« Partout où je suis allé, un poète était allé avant moi »

Sigmund Freud

J’ai mis en place le dispositif des cercles de lecture dès 1989, je l’applique encore aujourd’hui. Je continue à découvrir les effets de ces lectures sur le groupe et sur moi même.

Forte de cette expérience, je me rassure, je dois apprécier l’œuvre et l’auteur que je présente au groupe.  Ce jour là j’avais choisi de lire avec le groupe du bâtiment D1 , « Les récits de la Kolyma » de Varlam Chalamov édité chez Verdier, traduit du russe par Luba Jurgenson. Succès éditorial, je me précipite pour le lire, je suis bouleversée, ces récits feront partie de mon prochain cercle…
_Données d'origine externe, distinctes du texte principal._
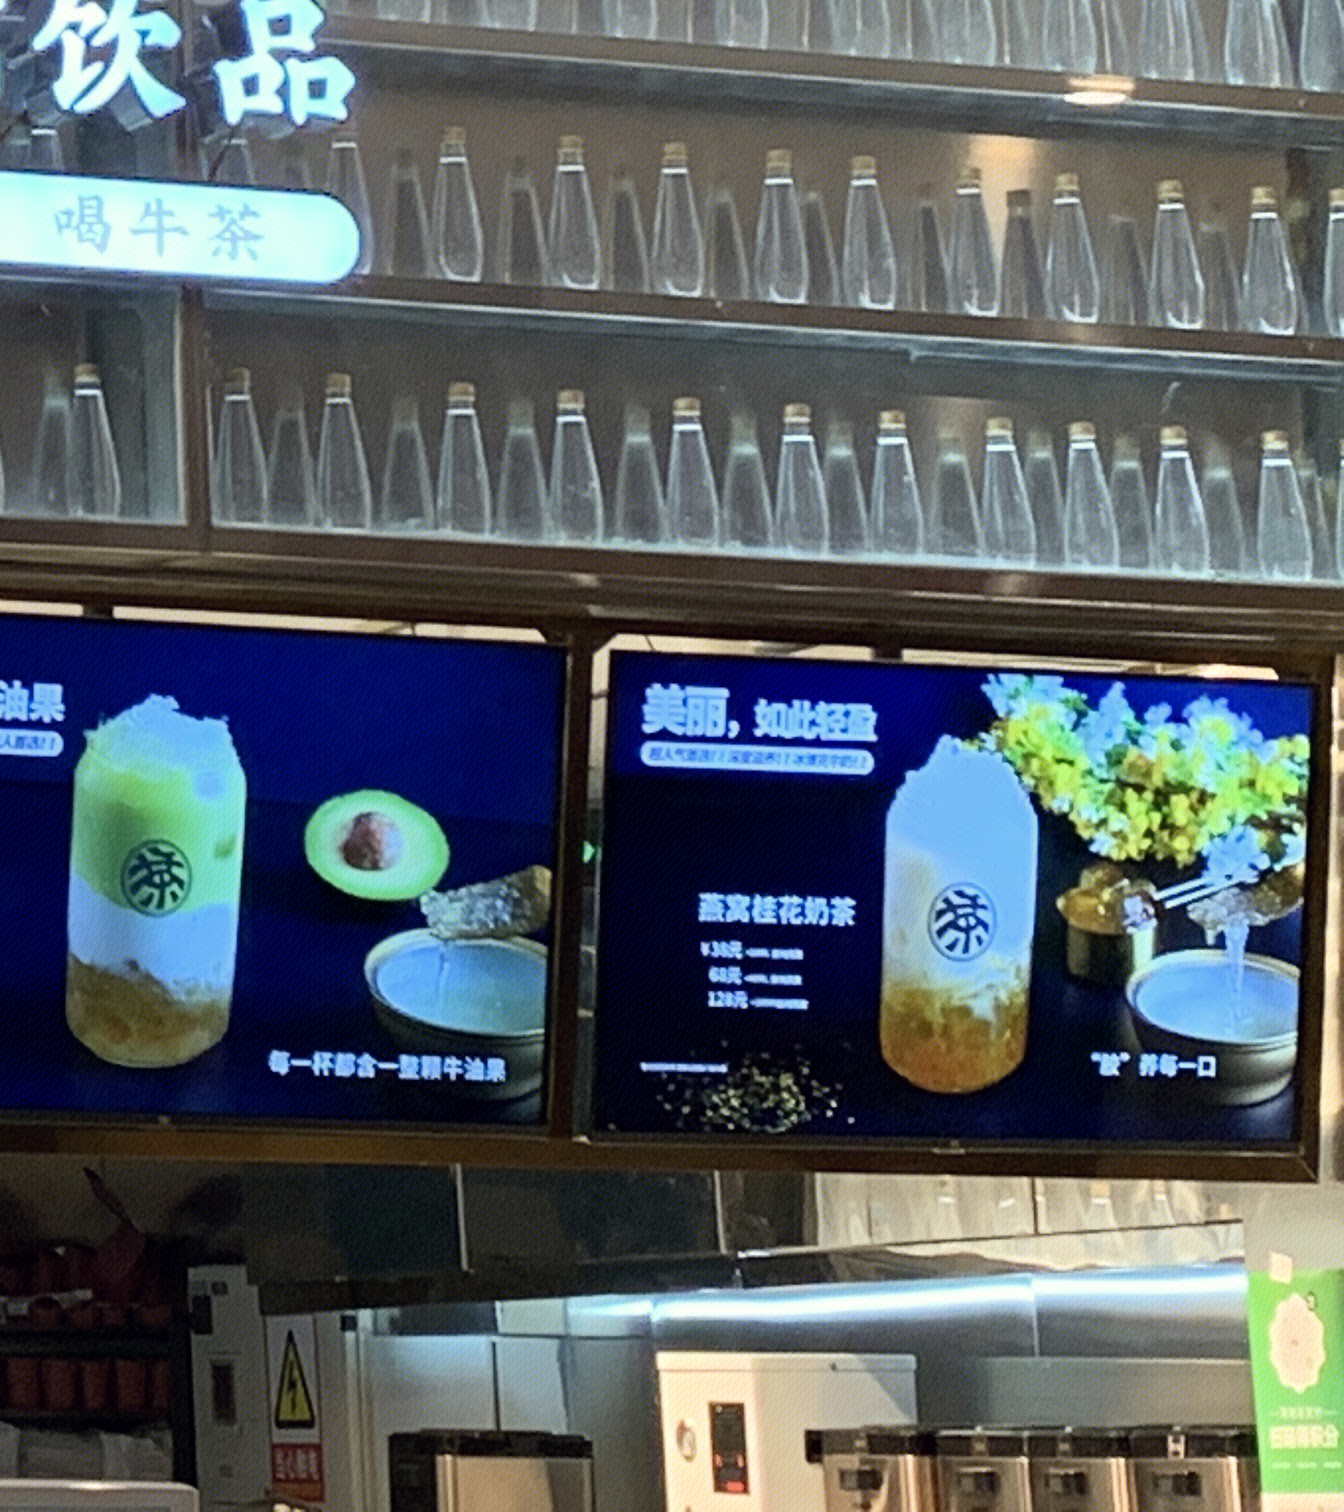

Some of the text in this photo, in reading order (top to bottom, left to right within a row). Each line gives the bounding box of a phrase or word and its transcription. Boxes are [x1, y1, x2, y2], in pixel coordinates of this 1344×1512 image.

[54, 197, 265, 261] 喝牛茶
[698, 893, 856, 926] 燕窝桂花奶茶
Les Récits de Varlam Chalamov retracent son expérience dans les camps du Goulag pendant 17 ans. Des fragments qui doivent se lire comme des chapitres d’une œuvre unique. En 6 recueils, chaque texte s’ouvre sur une scène du camp : Sur la neige, un sentier à tracer seul par un froid glacial, puis Sur parole, partie de cartes tragique, Le Pain,vital  pour tous, notamment à la Kolyma,  Le Gant, fait de sa peau, main gelée conservée, mais aussi Marcel Proust, l’histoire de sa lecture de ce livre, chacune de ces nouvelles fera l’objet de 2 ou 3 séances voir plus.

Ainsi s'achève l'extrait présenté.